CDU fordert Einstellungsstopp
TRIER. Die CDU-Ratsfraktion hat die Mitglieder ihrer Fraktionspitze um Dr. Ulrich Dempfle einstimmig in ihren Ämtern bestätigt. In der Diskussion um den Haushalt für das kommende Jahr fordert die Union ein Einstellungs-Moratorium.
Die Christdemokraten trafen sich am Wochenende zu einer Klausurtagung, um in erster Linie die anstehenden Haushaltsberatungen vorzubereiten. Dabei stand auch die turnusmäßige Wahl des Fraktionsvorstands an.
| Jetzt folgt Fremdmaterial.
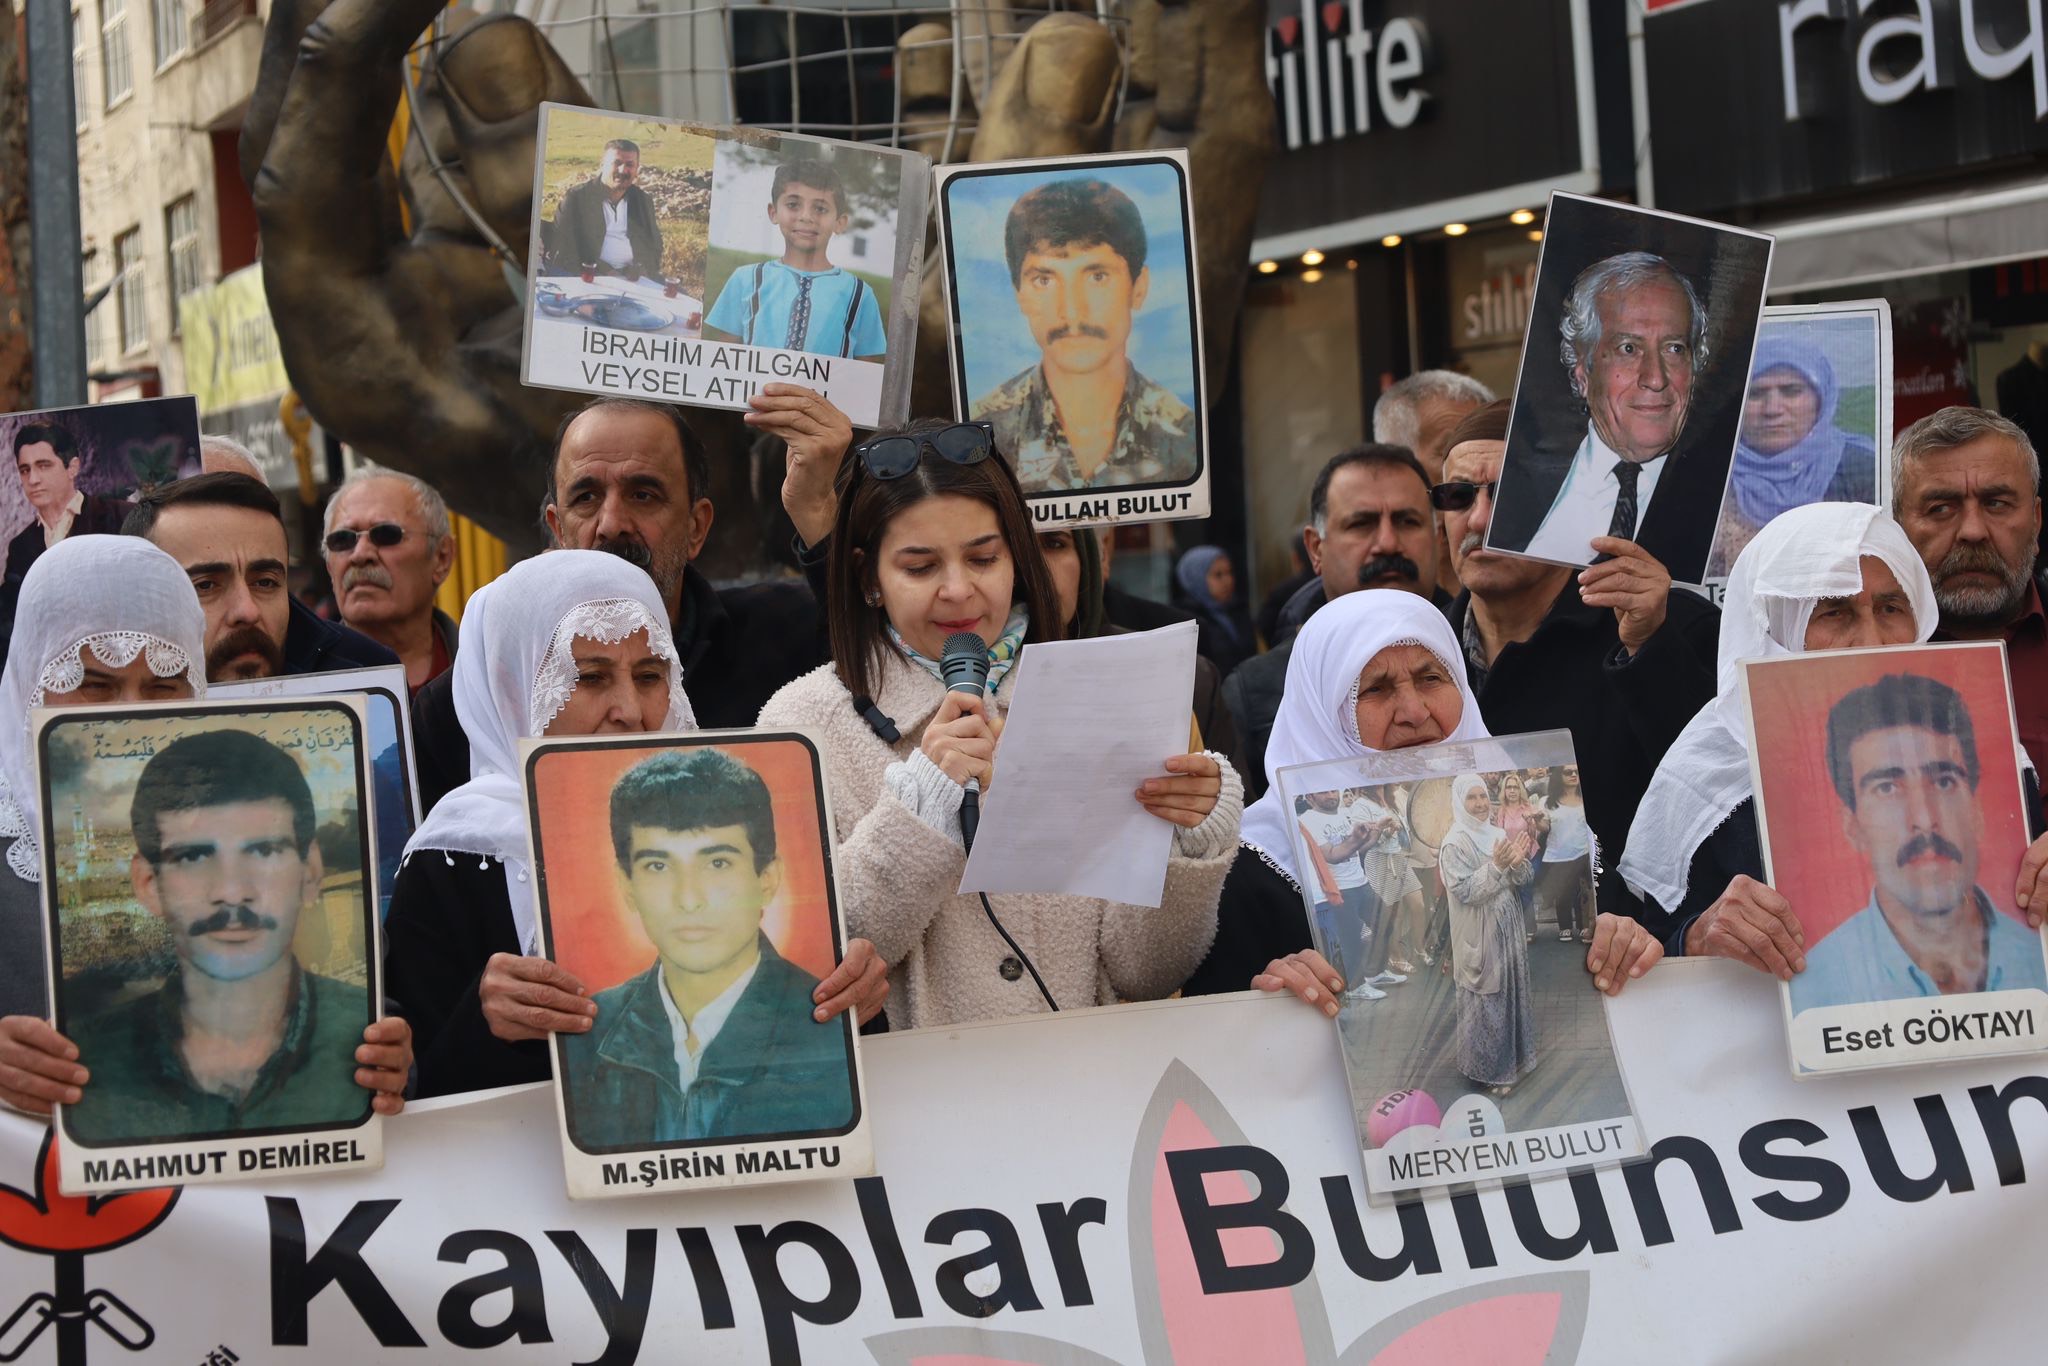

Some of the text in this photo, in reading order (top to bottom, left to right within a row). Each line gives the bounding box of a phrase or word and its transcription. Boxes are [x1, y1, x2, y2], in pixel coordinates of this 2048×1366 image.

[582, 326, 830, 382] İBRAHİM ATILGAN
[581, 361, 697, 397] VEYSEL
[1029, 493, 1192, 522] ULLAH BULUT
[1822, 1009, 2035, 1053] Eset GÖKTAYI
[83, 1139, 365, 1183] MAHMUT DEMİREL
[602, 1146, 841, 1187] M.ŞİRİN MALTU
[1388, 1125, 1623, 1181] MERYEM BULUT
[264, 1177, 1107, 1366] Kayıplar
Dempfle, der erst Anfang April die Nachfolge von Berti Adams angetreten hatte, nachdem dieser infolge seines schwachen Abschneidens bei der Landtagswahl zurückgetreten war, wurde einstimmig wiedergewählt. Auch die weiteren Mitglieder des neunköpfigen Vorstands der 19-köpfigen Fraktion, die stellvertretenden Vorsitzenden Birgit Falk und Jürgen Plunien sowie die Parlamentarische Geschäftsführerin Monika Thenot und die Beisitzer Karl Biegel, Dorothee Bohr, Dr. Barbara Engel-Ries und Udo Köhler, erhielten volle Rückendeckung.
Ausführlich beschäftigte sich die CDU-Fraktion bei der Klausurtagung mit dem städtischen Haushaltsentwurf 2012, der in den nächsten Tagen in Ausschüssen und Stadtrat beraten wird. „Wir streben einen größtmöglichen Konsens zwischen dem Oberbürgermeister und den Fraktionen an“, erklärte Dempfle. Die CDU-Fraktion habe mehrere Spar- und Gestaltungsvorschläge erarbeitet. „Ein Kern unserer Vorschläge ist ein Einstellungs-Moratorium, mit dem wir dem weiteren Anstieg der Personalkosten Einhalt gebieten wollen“, verkündete Dempfle. Das Moratorium sehe einen auf ein Jahr angelegten Einstellungsstopp sowie die Nichtverlängerung außerplanmäßiger Stellenverträge vor. „Ausnahmen von diesem Moratorium können dann nur noch gemacht werden, wenn bei Stellenneubesetzungen die Unabweisbarkeit durch den Steuerungsausschuss festgestellt wurde“, sagte Dempfle und fügte als Beispiel Neubesetzungen im Bereich der Feuerwehr an.